Which is one of the things that the OP seemed to be referring to: use of SF mumbo-jumbo (ISTM more than mere technobabble) that leaves the reader/audience going “huh, I guess that in-universe that must mean something…” and trying to fill it in is a fool’s errand because it would be distracting from the point – for instance, what’s the Tannhauser Gate is not what’s important, it’s that Roy values his memories and it pains him that with his death they will pass into oblivion.

That’s what’s so awesome about Tolkien. It’s as if the authors of Ghostbusters spent 40 years making notes about Zuuls and the Rectification of the Vuldruni, just so they could have something behind that throwaway line referenced on page 1.

Funny you should say that. Dan Aykroyd worked out a fairly sophisticated spirit classification system when he was writing Ghostbusters. All that “class five free-roaming vapor” stuff wasn’t just tossed off for effect. Aykroyd knew exactly what that meant, even if it was gibberish to the audience.

Of course, given Aykroyd’s general woo-woo nuttiness, he might not have meant it as fiction…

“Look, we all go way back and uh, I owe you from the thing with the guy in the place and I’ll never forget it.”
“That was our pleasure.”
“I’d never been to Belize.”

“The continuum transfunctioner is a very mysterious and powerful device …and its mystery is only exceeded by it’s power.”

Wait a second. They are really bad prequels but you only almost wish you hadn’t read them?

I have a collection of supremely Bad Science Fiction quotes that I keep adding to. I know that this thread isn’t supposed to be about Bad Mumbo Jumbo, but some of these are irresistable.

I will limit myself to one book by someone who is arguably the all-time winner for Bad SF Writing, Lionel Fanthorpe. He was evidently paid by the word, and sometimes used what I call the Thesaurus Technique.

These examples are from Galaxy 666, written under the pen name (I have a list of two dozen pen names he used) of Pel Torro:

To start, a little – well, a lot – of techno-babble

to finish, an example of the Thesaurus Technique:

Thank you for reminding me why I have never been able to get into written science fiction. :smiley:

Another bit of mumbo-jumbo from Galaxy 666:

Well put - that’s exactly what I was going for. In a way, I’m looking for textual MacGuffins. What they are and what they do isn’t important; how the characters react to them, is.

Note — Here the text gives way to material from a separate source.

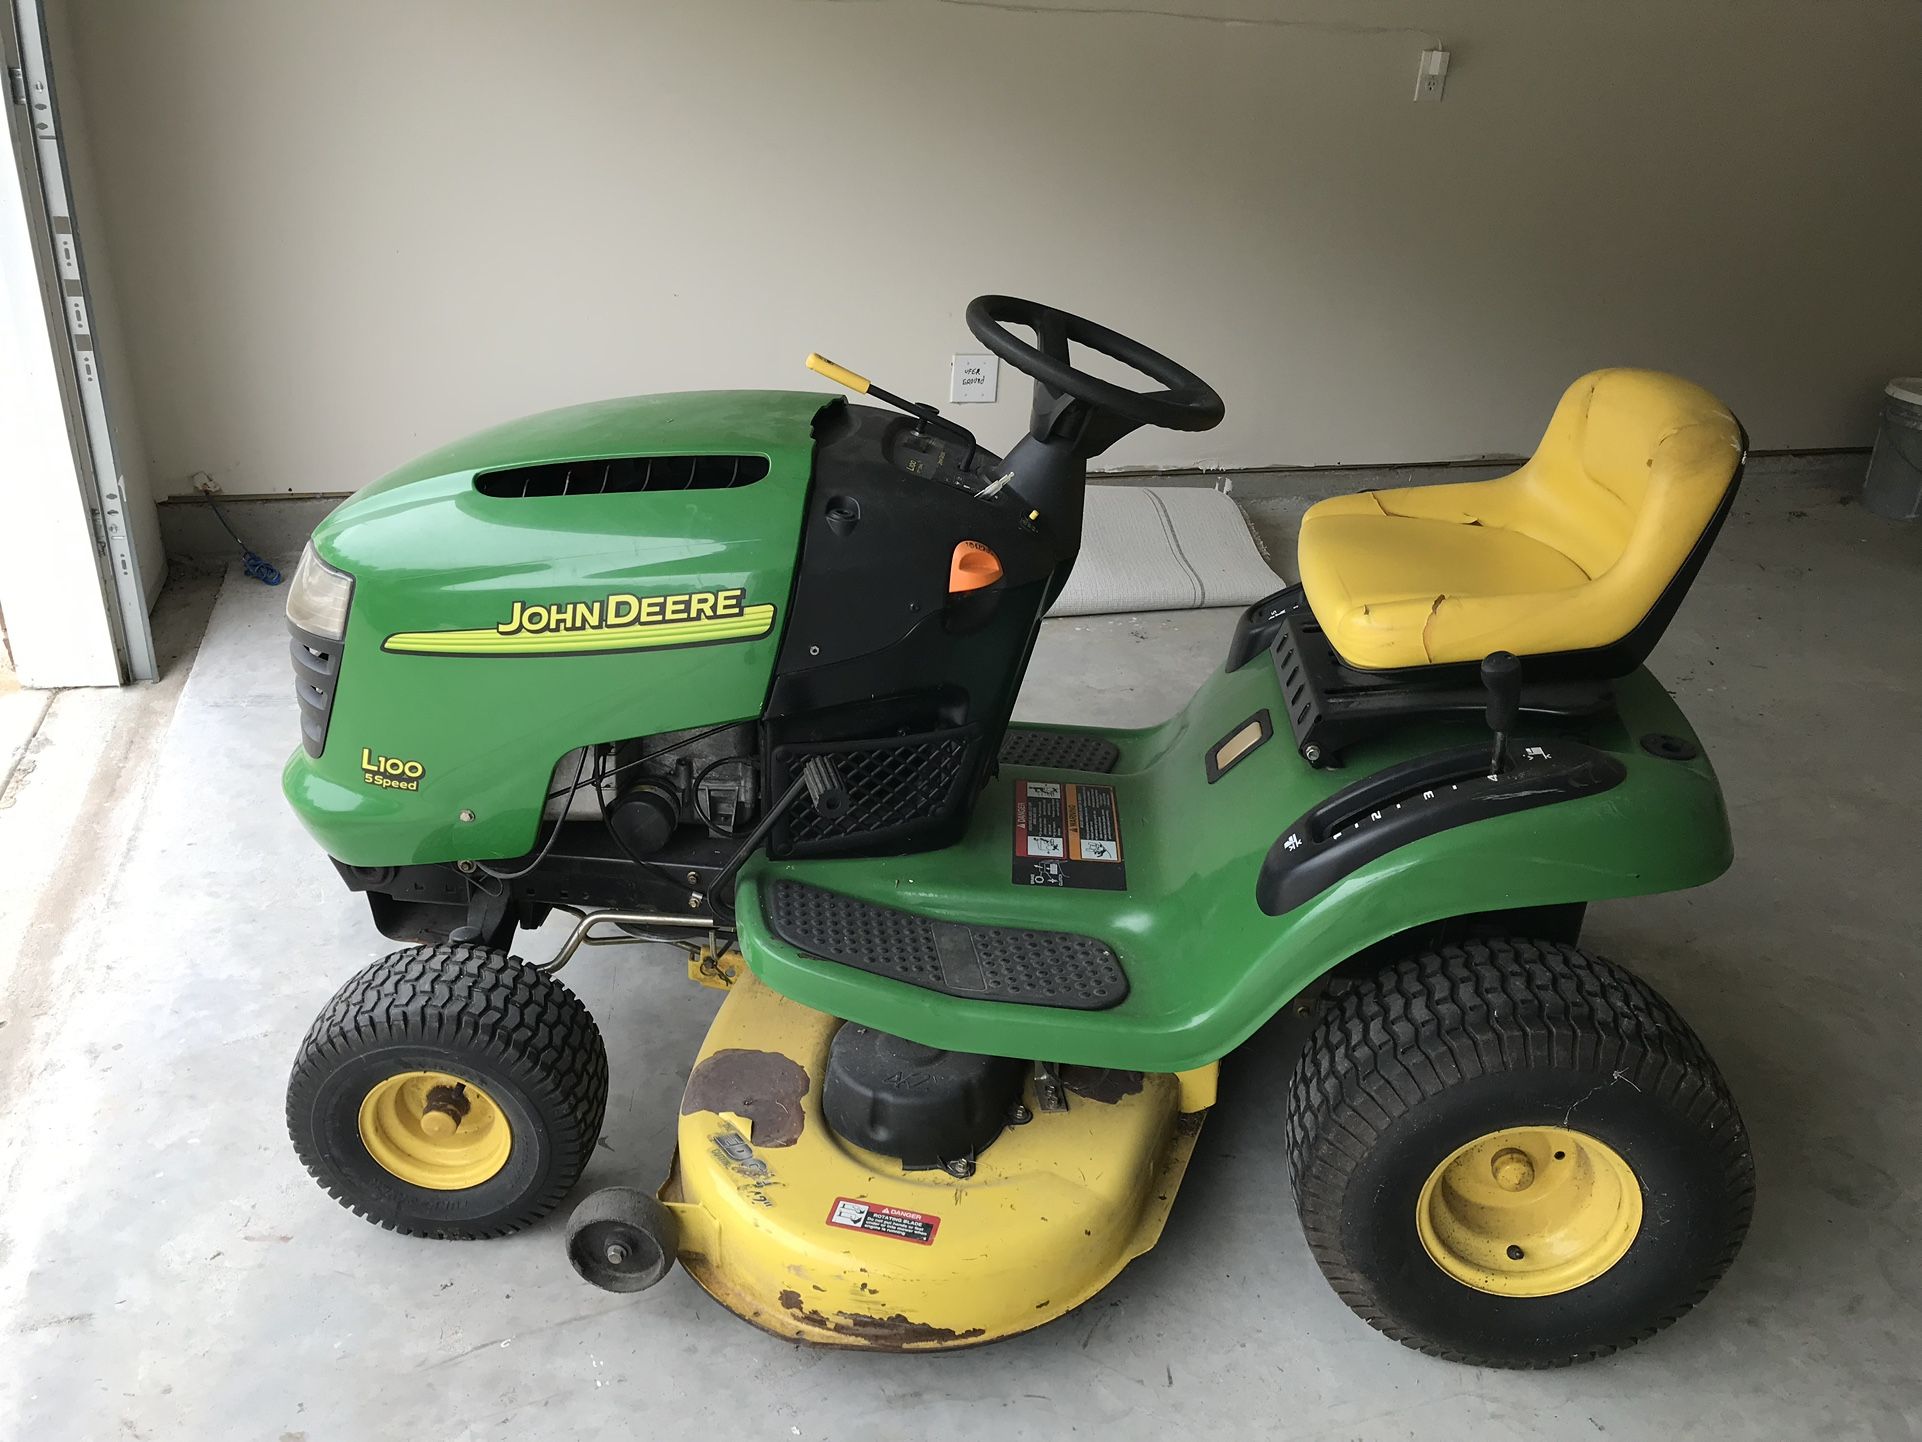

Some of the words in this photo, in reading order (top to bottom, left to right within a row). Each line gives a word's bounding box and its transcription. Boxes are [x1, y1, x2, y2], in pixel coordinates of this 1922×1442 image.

Switching over from sci-fi to fantasy, there’s the bit in DRAGONLANCE where a book contains a time-travel spell complete with a number of notes handwritten in the margin; the most interesting one: “It is not possible to prevent the Cataclysm. So we have learned, to our great sorrow and at a great cost. May his soul rest with Paladine.” This immediately prompts a low whistle of surprise: “So that’s what happened to him … That was a well-kept secret.”

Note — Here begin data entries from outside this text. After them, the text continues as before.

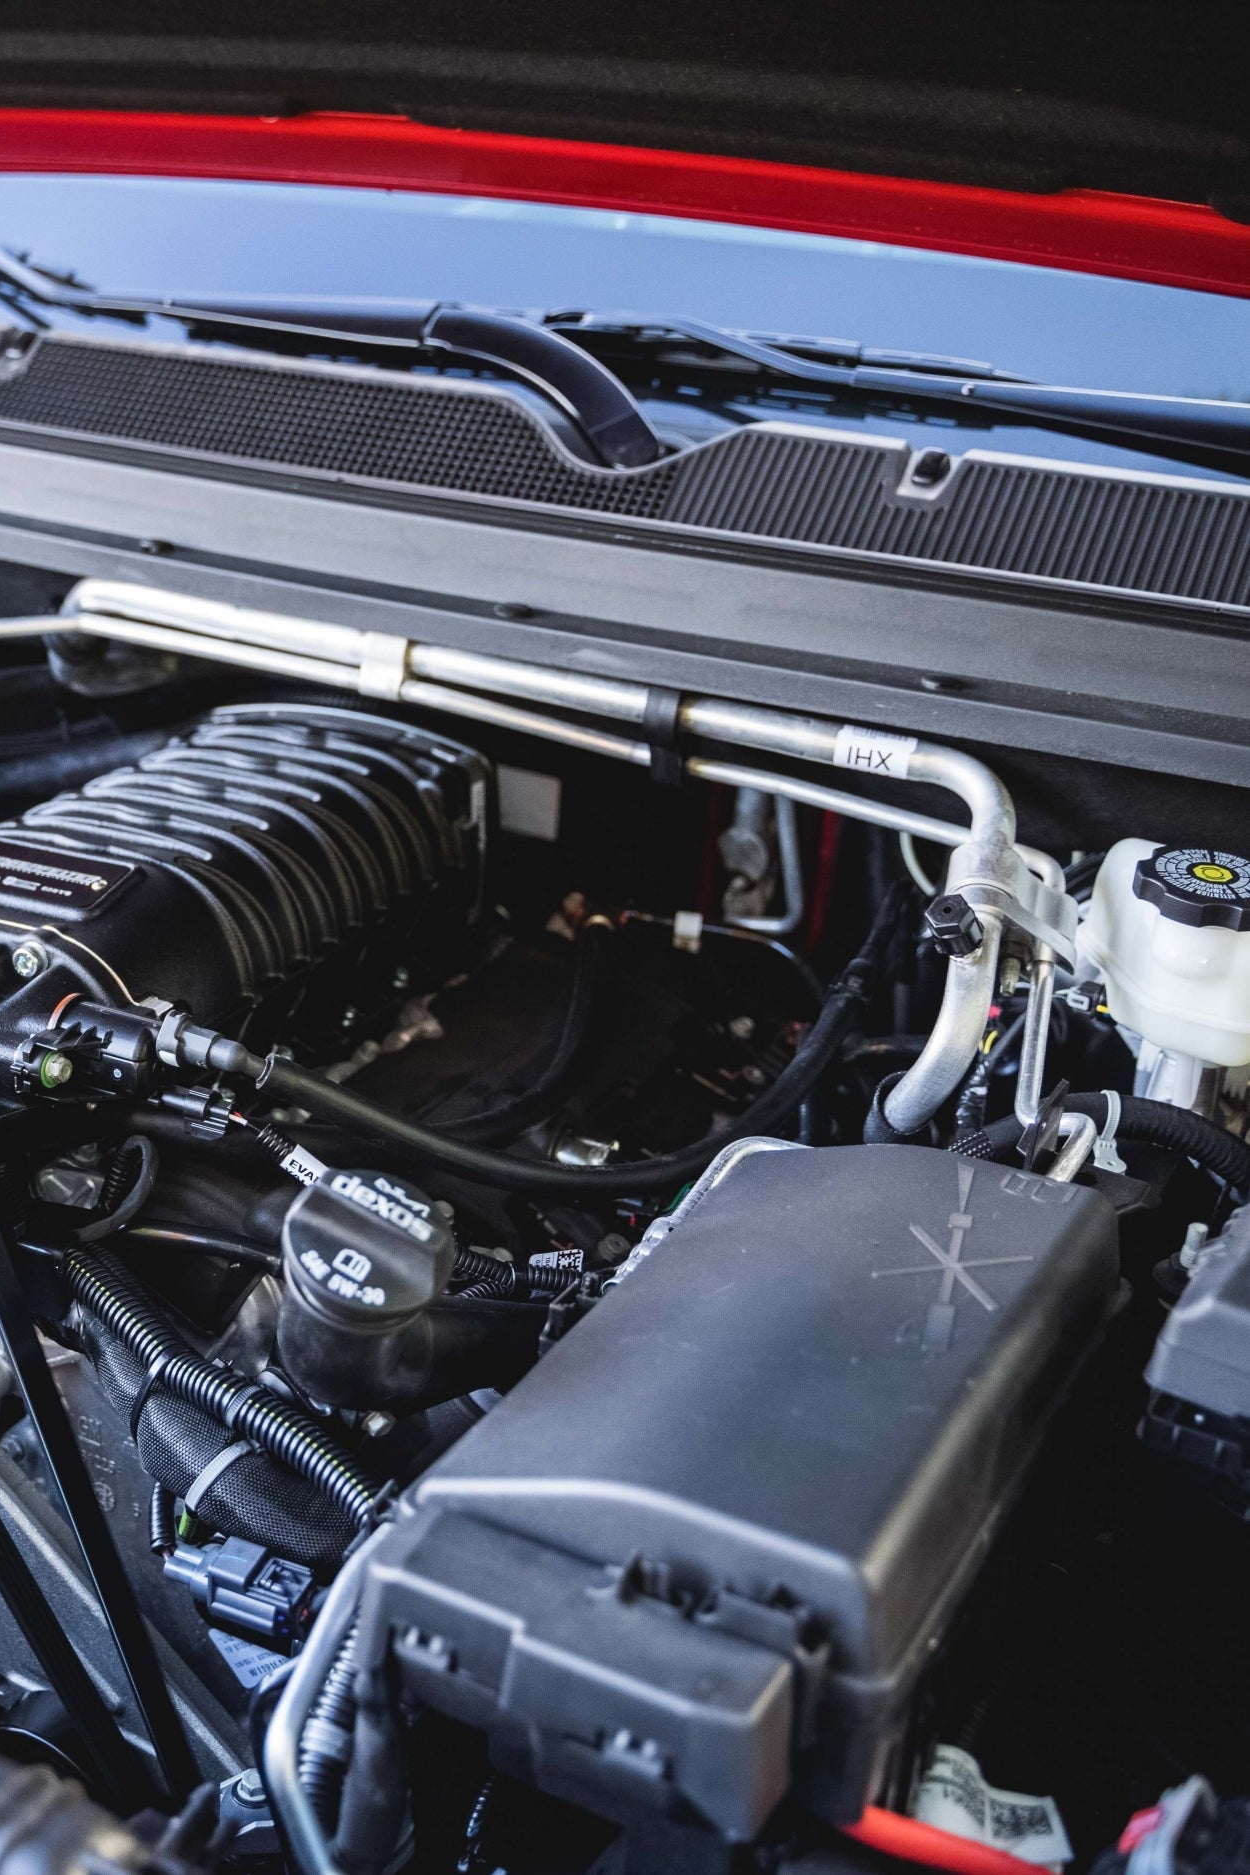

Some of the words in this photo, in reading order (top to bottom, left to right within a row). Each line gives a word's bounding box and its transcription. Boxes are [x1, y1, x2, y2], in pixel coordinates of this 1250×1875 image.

[846, 746, 892, 771] IHX
[288, 1158, 320, 1183] EVA
[330, 1174, 434, 1242] dexos
[300, 1249, 331, 1281] SAE
[327, 1273, 385, 1306] 5W-30

(Another character then mentions that they were fools even to try it, but, hey, they were desperate. “As are we,” says a third, bitterly.)

From China Miéville’s *The Scar *

Not a science fiction film, but great science Mumbo-Jumbo: “The last bone we need to complete the brontosaurus – the very last bone – the intercostal clavicle – is arriving tomorrow, after four years hard work.”

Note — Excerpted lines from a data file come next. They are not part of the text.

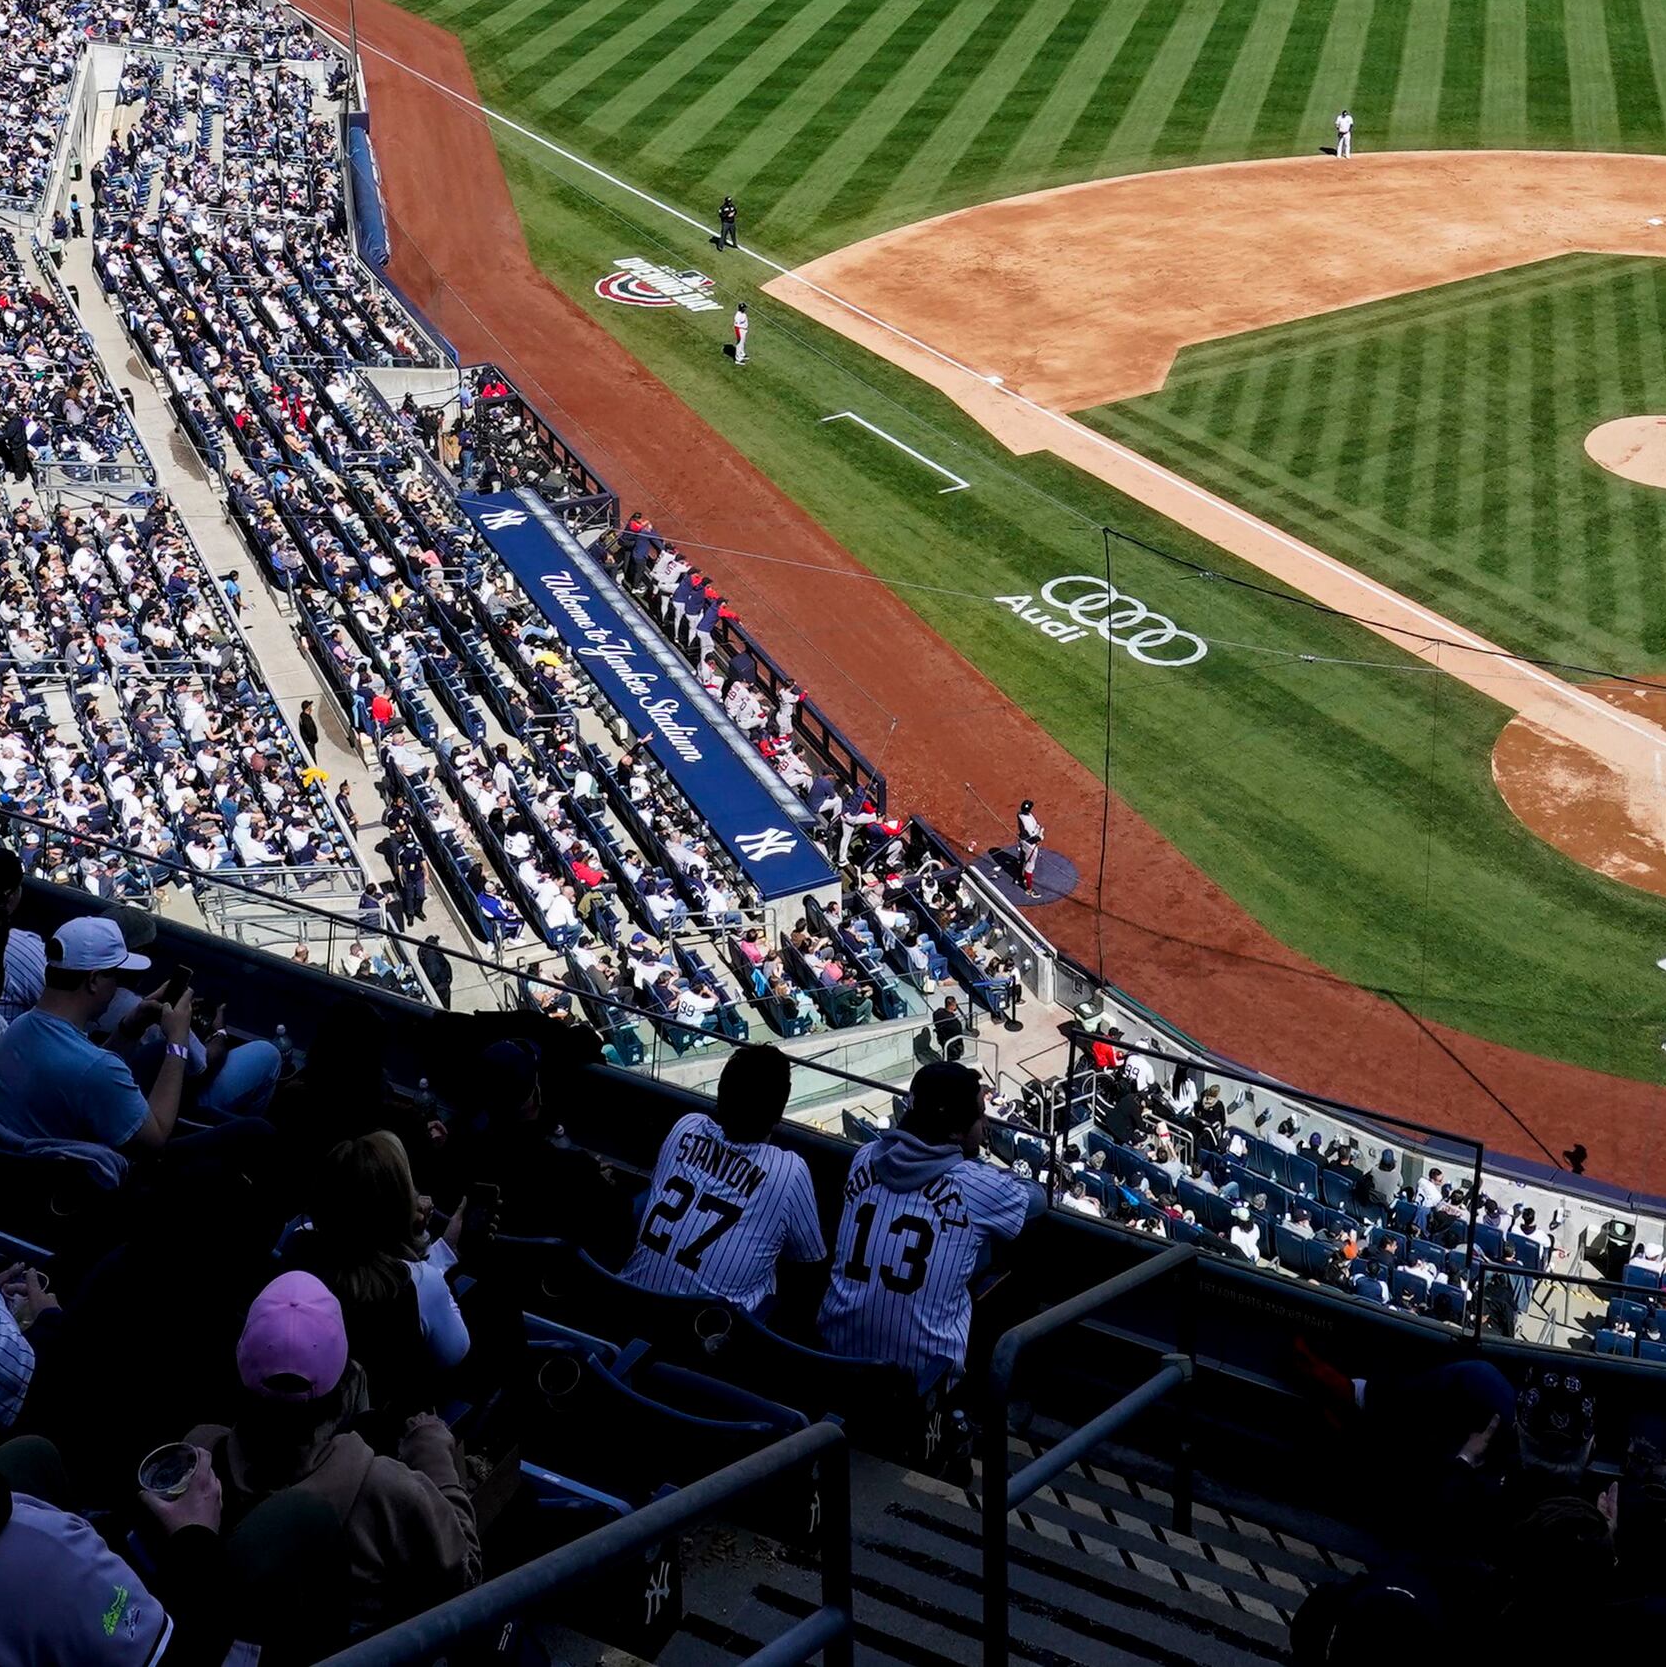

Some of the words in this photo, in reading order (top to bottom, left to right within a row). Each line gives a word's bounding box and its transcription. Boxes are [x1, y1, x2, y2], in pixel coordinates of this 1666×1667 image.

[479, 508, 529, 532] NY
[540, 570, 598, 632] Welcome
[994, 595, 1090, 644] Audi
[587, 627, 607, 645] to
[578, 638, 661, 698] Yankee
[637, 692, 704, 764] Stadium
[734, 827, 799, 863] NY
[676, 1132, 767, 1199] STANTON
[640, 1174, 746, 1274] 27
[844, 1201, 936, 1297] 13

Kind of a letdown to know that the reason Qadgop wanted to enter the tranship was to propose…

I can grab a class that isn’t listening just by dropping in a “Kessel Run” or “Han shot first” reference (gives you hope, seeing 20-somethings that have Star Wars memorized).

And I often promise that we’ll have treats on Monday… “This I swear… By Grabthar’s Hammer!”

Two of 'em, not quotes, but “concepts” type mumbo-jumbo.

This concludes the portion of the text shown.